The outgoing champion nevertheless kept up his record of winning at least three stages in each of his four Grand Tours to date – and by taking second place he picked up another white jersey as the best young rider of the Tour, a classification he will still qualify for in 2023.

Jumbo-Visma domination

The Tour was arguably won in stage 11 when a remarkable team performance by Jumbo-Visma on the iconic Col du Galibier isolated Pogacar and pre-empted the killer blow from Vingegaard on the final ascent of the Col du Granon.

With attacks coming from as far out as 70km from the finish, Pogacar was forced to close down a series of moves from Jumbo-Visma co-leader Primoz Roglic – the man he beat in dramatic circumstances in the final time trial of the 2020 Tour to seize the yellow jersey on the penultimate day.

Pogacar’s fellow Slovenian had crashed badly in the opening week on the cobblestone stage in northern France, but was still deemed a significant threat when he went up the road. Taking the bait, Pogacar closed down his repeated moves and looked to push on himself despite being outnumbered.

Having worn down Pogacar, Jumbo-Visma put their domestiques to work ahead of the final climb of the Granon, where Vingegaard cracked his rival to take both a maiden Tour stage win and the famous maillot jaune he would hold all the way to Paris.

Team Jumbo-Visma won a total of six stages over the course of the three weeks, with Belgian sensation Wout van Aert swooping to a hat-trick of wins plus the green jersey after enjoying a brief stint in yellow in the opening week. The team’s French rider Christophe Laporte also ended the host nation’s long wait for a stage win two days from the finish.

Danish delight

It was fitting that a Tour starting in Copenhagen culminated with a Danish rider standing atop the final podium in Paris. In addition to his his yellow jersey, Vingegaard secured the polka dot climbers’ jersey with his second win of the race, at Hautacam in the Pyrenees.

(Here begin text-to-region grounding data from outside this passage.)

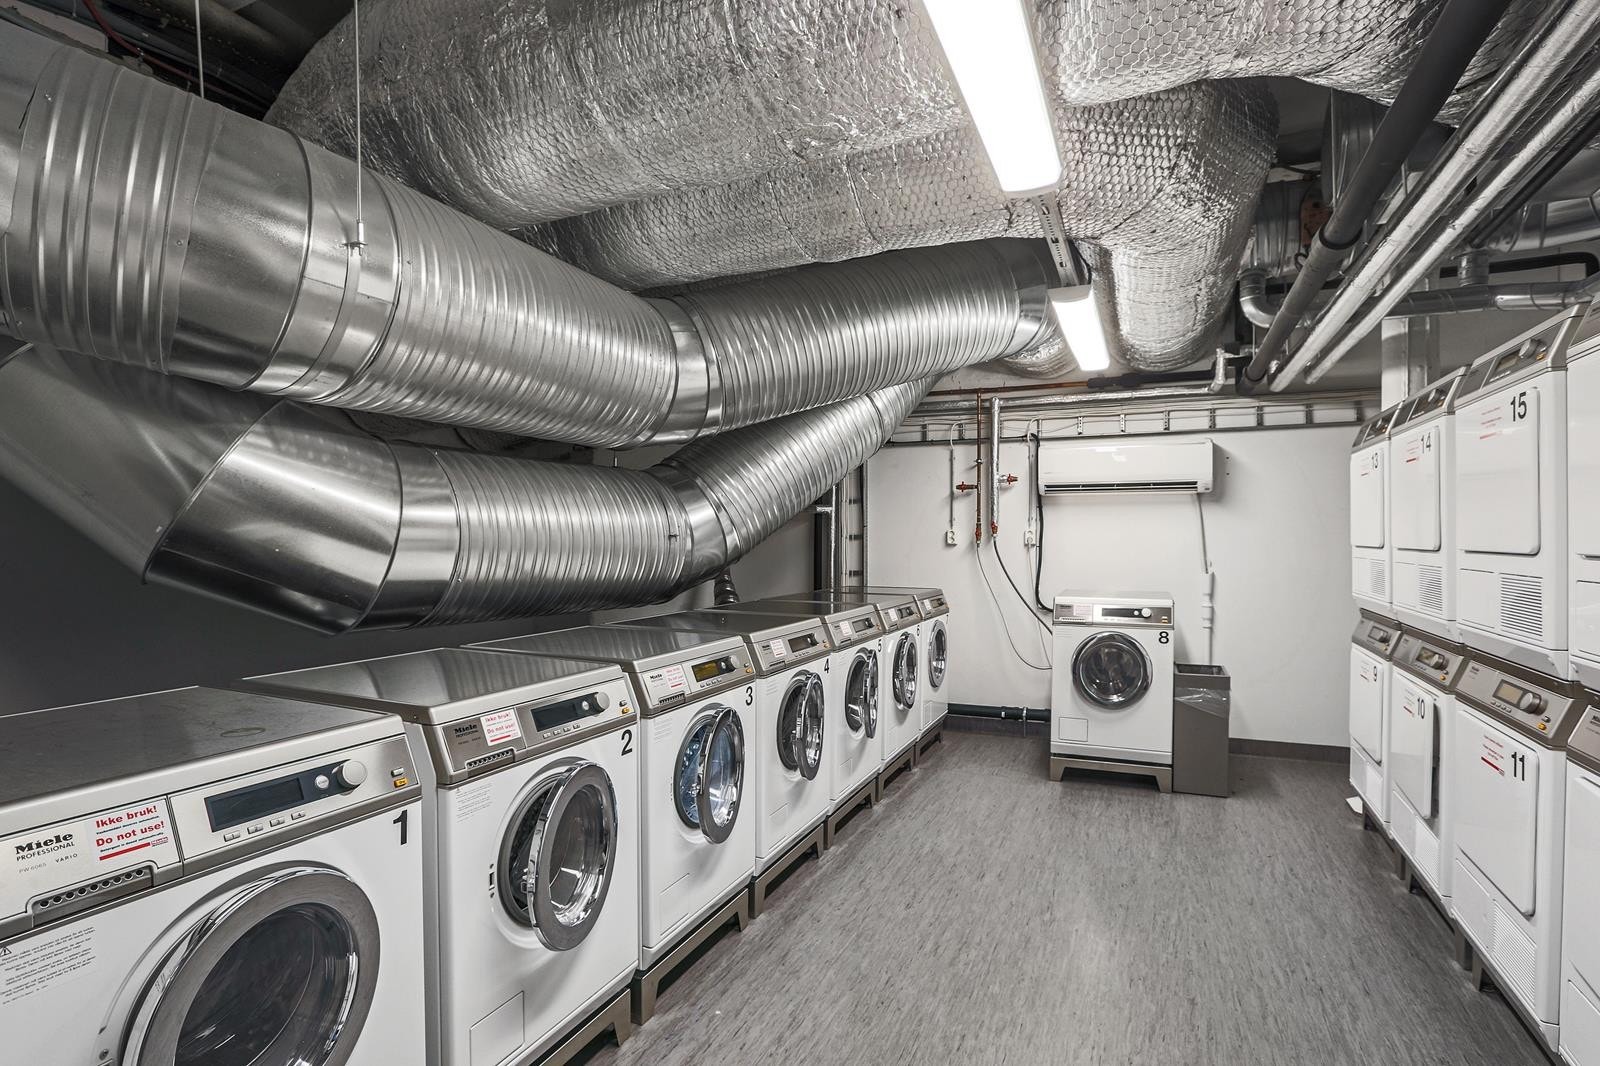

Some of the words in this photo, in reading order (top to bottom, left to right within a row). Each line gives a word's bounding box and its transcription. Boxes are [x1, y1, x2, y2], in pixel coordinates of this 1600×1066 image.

[1510, 391, 1527, 422] 15
[1421, 432, 1431, 454] 14
[1371, 452, 1378, 469] 13
[916, 624, 920, 636] 6
[1158, 631, 1169, 644] 8
[877, 639, 882, 652] 5
[823, 658, 830, 674] 4
[1373, 666, 1378, 682] 9
[745, 686, 753, 706] 3
[1417, 697, 1425, 719] 10
[454, 724, 478, 735] Miele
[621, 729, 633, 756] 2
[1511, 751, 1525, 781] 11
[95, 815, 123, 829] Ikke
[126, 805, 158, 820] bruk!
[393, 809, 408, 846] 1
[15, 833, 74, 855] Miele
[95, 836, 113, 847] Do
[117, 830, 137, 841] not
[140, 820, 165, 834] use!
[16, 841, 75, 862] PROFESSIONAL
[55, 853, 78, 863] VARIO

Further Danish joy came for Mads Pedersen and Magnus Cort. After starring in breakaways for the first four days of the race – to the delight of the home fans in Denmark – Cort followed his early stint in the polka dot jersey with a well taken stage win in the ski resort of Megeve.

Pedersen became the third Danish rider to taste success on the race with an accomplished breakaway victory two days later in stage 13 to Saint-Etienne. Only Belgium – with six wins in total (for Yves Lampaert, sprinter Jasper Philipsen twice and Wout van Aert three times) – won more stages than Denmark, with the established cycling powers of Spain and Italy leaving empty-handed.

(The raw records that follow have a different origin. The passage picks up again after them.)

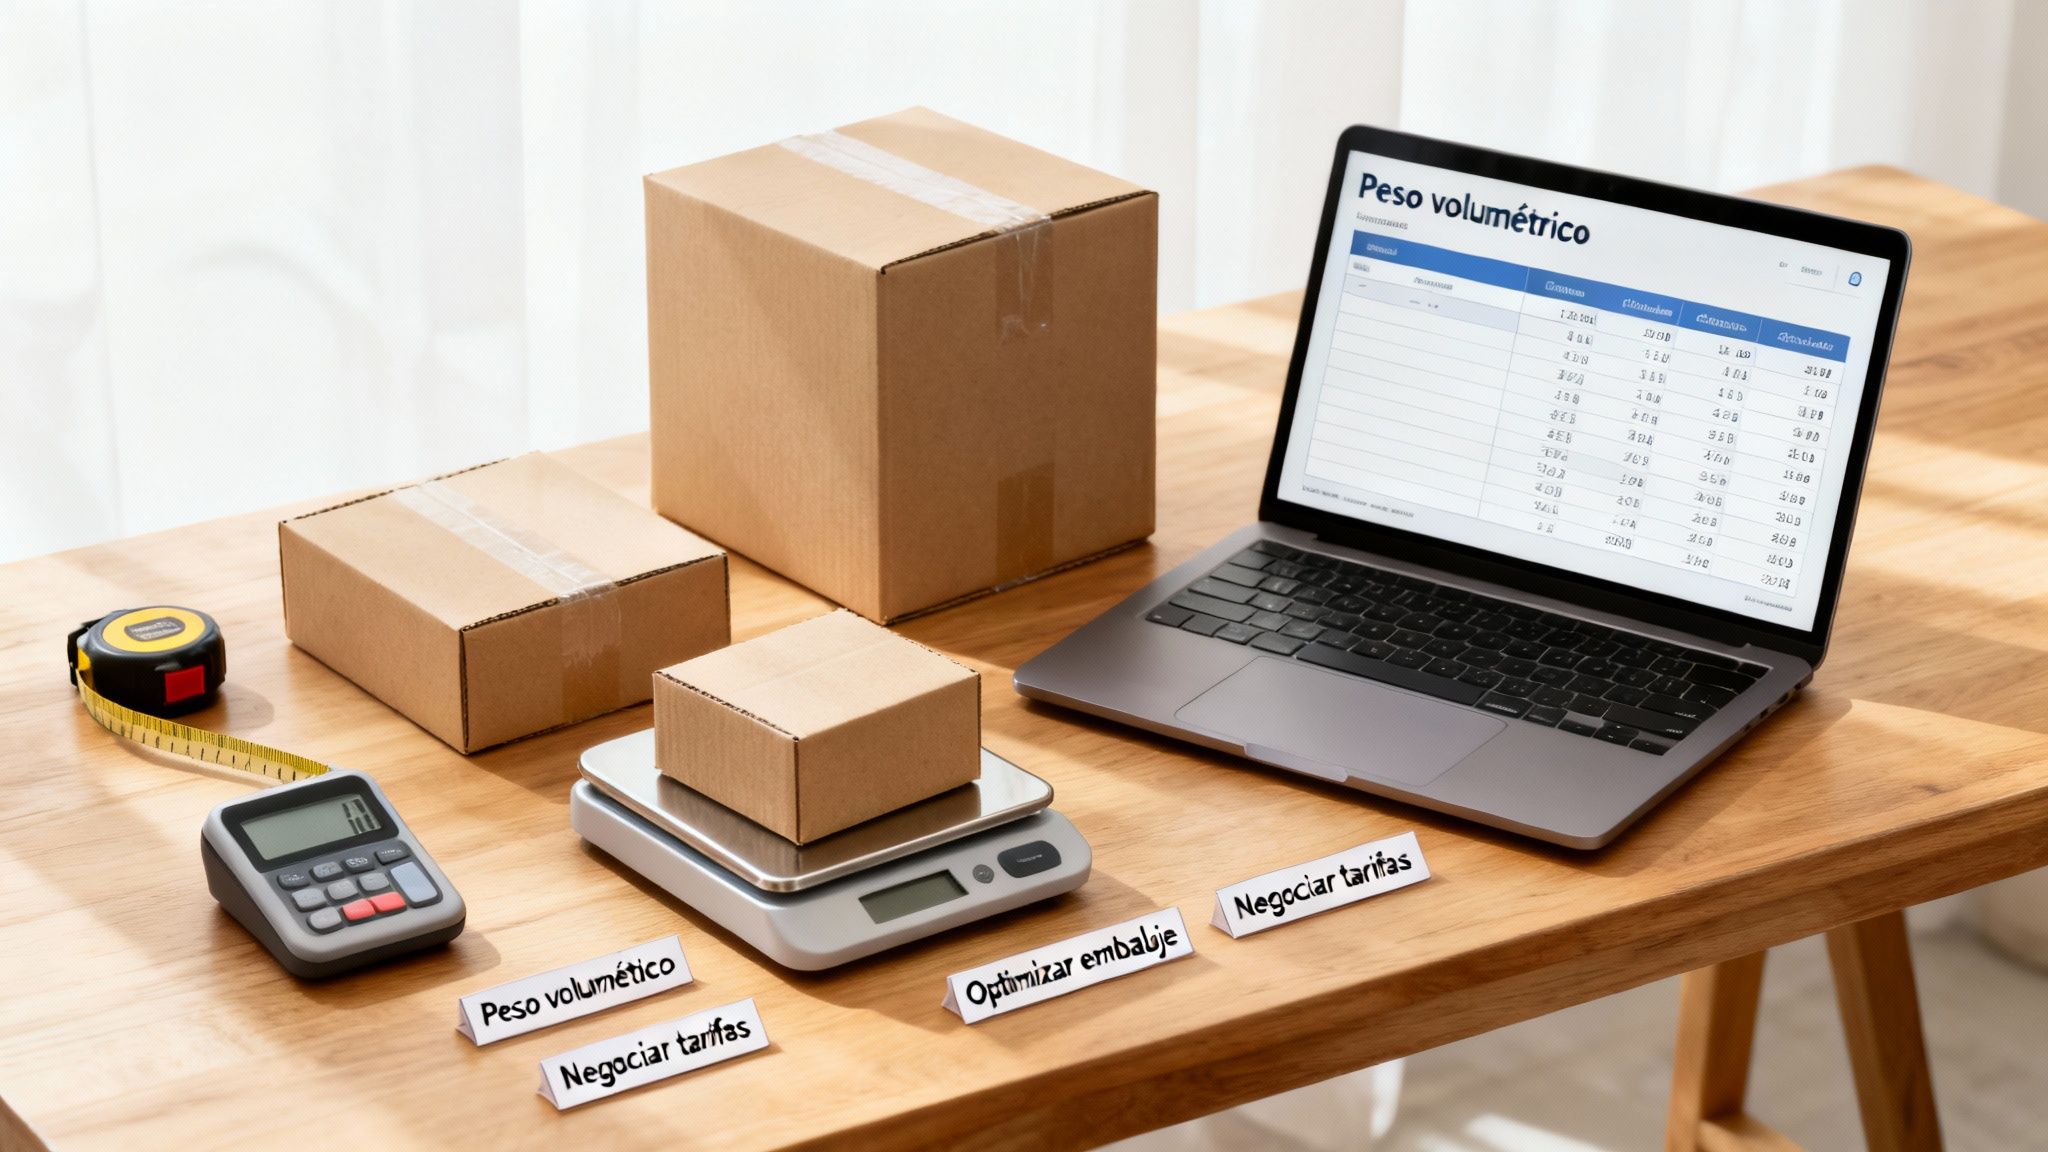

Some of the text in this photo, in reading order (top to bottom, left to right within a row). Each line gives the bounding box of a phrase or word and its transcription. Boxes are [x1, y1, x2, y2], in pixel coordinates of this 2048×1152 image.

[1358, 172, 1424, 209] Peso
[1432, 192, 1591, 245] volumétrico
[1234, 874, 1336, 919] Negociar
[480, 997, 541, 1027] Peso
[559, 1041, 670, 1088] Negociar

Can Pogacar bounce back in 2023?

The two-time champion never gave up and kept searching for a way of toppling Vingegaard, who matched his every move in the Pyrenees before breaking him – with the help of indefatigable teammate Van Aert – on the last major climb of the race at Hautacam. 

After the final time trial to Rocamadour, Pogacar admitted that he had a “big motivation” to win back the yellow jersey next year. “After these three weeks a lot has been learned and we [UAE Team Emirates] can improve a lot, so I’m looking forward to new challenges.”

With two teammates forced to withdraw because of Covid, and two others abandoning through illness or injury, Pogacar certainly did not enjoy the same kind of support as his rival had deep into the race.

While it remains to be seen what kind of course the organisers will come up with for 2023, Pogacar will hope for reinforcements to help take him back to the top. The young buck may also change his attacking style in favour of a more conservative approach, opting to conserve energy instead of sprinting for early stage wins at every opportunity possible.

It will be fascinating for all cycling fans to see how things differ heading into a Tour where Vingegaard is the man to watch and Pogacar the underdog needing to bounce back. The 110th edition of the Tour will start in the Basque city of Bilbao on Saturday July 1, 2023.